Better beta

30.01.2006

- Interest. The first step is identifying features or functions in an upcoming product release that may benefit your organization. That means that if your company has decided to regularly participate in betas, you need to be aware of the vendor's product release schedule -- to know what's coming and when. Renee Klish, IT supervisor and database administrator at the Detroit Zoological Society, signed on for a beta test when she identified a new analytic function in Blackbaud's Raiser's Edge that would allow her organization to eliminate another product, saving on license fees and simplifying its IT environment.

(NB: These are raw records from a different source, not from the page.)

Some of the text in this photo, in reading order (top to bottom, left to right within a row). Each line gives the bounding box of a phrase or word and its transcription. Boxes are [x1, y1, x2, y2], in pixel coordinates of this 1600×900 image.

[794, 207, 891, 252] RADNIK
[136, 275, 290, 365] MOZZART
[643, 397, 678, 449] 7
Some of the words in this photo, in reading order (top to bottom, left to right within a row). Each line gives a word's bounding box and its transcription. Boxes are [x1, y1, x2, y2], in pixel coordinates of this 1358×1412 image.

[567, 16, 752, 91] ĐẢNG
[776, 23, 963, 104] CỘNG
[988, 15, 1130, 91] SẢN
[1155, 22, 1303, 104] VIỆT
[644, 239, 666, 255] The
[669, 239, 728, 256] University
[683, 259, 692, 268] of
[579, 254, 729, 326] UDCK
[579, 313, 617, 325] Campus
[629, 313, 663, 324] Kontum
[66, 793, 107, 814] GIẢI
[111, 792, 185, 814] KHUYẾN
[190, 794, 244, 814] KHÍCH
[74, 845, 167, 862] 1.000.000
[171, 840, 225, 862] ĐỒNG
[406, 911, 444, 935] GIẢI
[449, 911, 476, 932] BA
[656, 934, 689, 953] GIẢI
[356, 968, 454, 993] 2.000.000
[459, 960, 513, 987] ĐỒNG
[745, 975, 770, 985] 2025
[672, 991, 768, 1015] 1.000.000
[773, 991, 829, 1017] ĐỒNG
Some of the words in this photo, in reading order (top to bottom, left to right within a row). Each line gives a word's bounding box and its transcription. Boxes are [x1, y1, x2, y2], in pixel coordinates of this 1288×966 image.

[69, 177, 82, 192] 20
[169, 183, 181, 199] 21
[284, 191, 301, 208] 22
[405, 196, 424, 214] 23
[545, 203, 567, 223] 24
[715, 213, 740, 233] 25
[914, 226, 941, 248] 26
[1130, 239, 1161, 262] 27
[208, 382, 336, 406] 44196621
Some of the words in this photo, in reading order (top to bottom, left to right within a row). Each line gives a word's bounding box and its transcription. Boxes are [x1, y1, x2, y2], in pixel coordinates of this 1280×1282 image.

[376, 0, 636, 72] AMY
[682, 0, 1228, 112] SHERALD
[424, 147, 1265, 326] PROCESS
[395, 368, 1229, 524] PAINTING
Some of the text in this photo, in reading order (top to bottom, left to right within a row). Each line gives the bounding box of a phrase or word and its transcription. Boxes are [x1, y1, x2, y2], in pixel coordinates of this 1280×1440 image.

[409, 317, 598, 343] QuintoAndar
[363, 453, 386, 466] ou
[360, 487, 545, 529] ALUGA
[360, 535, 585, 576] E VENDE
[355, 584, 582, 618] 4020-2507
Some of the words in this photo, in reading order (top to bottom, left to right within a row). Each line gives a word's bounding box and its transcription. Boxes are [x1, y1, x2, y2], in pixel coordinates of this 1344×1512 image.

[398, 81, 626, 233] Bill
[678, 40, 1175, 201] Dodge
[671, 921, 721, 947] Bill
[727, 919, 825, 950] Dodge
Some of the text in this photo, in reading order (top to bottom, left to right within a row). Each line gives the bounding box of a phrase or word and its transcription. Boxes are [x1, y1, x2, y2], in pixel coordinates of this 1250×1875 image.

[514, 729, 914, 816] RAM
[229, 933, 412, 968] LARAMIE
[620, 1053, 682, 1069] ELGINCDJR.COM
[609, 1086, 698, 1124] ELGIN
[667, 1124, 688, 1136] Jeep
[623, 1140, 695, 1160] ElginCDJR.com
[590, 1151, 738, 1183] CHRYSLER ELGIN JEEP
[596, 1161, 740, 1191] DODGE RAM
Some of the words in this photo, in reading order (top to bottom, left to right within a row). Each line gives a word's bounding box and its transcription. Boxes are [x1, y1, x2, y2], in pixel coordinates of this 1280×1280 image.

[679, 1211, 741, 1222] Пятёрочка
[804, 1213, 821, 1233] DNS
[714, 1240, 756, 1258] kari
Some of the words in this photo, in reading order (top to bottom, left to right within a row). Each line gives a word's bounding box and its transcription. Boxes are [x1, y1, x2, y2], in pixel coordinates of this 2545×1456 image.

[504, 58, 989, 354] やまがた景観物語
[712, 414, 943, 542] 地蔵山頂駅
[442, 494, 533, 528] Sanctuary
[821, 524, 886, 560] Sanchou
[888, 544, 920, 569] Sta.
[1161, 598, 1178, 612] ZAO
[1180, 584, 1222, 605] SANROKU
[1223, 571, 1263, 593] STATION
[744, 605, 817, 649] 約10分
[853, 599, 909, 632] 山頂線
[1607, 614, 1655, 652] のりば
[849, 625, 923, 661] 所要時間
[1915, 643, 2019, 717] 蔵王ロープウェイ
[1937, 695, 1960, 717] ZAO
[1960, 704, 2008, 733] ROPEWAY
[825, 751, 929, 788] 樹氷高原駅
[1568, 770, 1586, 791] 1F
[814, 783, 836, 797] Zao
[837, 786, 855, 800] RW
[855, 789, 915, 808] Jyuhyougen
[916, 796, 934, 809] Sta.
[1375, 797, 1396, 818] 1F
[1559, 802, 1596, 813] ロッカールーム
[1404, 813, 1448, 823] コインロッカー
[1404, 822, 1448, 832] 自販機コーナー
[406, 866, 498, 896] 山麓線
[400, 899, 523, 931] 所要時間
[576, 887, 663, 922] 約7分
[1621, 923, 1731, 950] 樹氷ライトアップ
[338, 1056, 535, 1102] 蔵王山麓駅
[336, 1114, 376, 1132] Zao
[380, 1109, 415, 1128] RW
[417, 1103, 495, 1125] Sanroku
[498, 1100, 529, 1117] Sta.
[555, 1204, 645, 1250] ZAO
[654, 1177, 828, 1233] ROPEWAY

- Negotiation. This is an internal process. The user organization decides whether the potential benefit in the new release merits the time, energy and resources required for beta participation and then goes to senior IT management for approval. If your upper management is risk-averse, this step may be a challenge, says Jarvis-Haig.

- Qualification. Next, the user and vendor must agree that the beta test makes sense for both sides. If the user company pushed for a capability that the vendor just added, the vendor may be eager to have the user take part. On the other hand, the user company may be a stretch candidate, and the vendor may have to be convinced that it should participate. "We look for user breadth [of feature use] in the next release," says Teradata's Lea. Other qualifications may include having prerequisite products in the user environment, assurance that there are no schedule conflicts and a history of good beta participation.

"It's a two-way street," says Jarvis-Haig. "They're not going to qualify us if it isn't in their interest."

Once the user is qualified, there most likely will be a formal agreement. Blackbaud beta participants get a program guide that includes the beta agreement, nondisclosure forms, details on incentives and descriptions of the beta process. Teradata beta participants sign an agreement and develop a plan with NCR.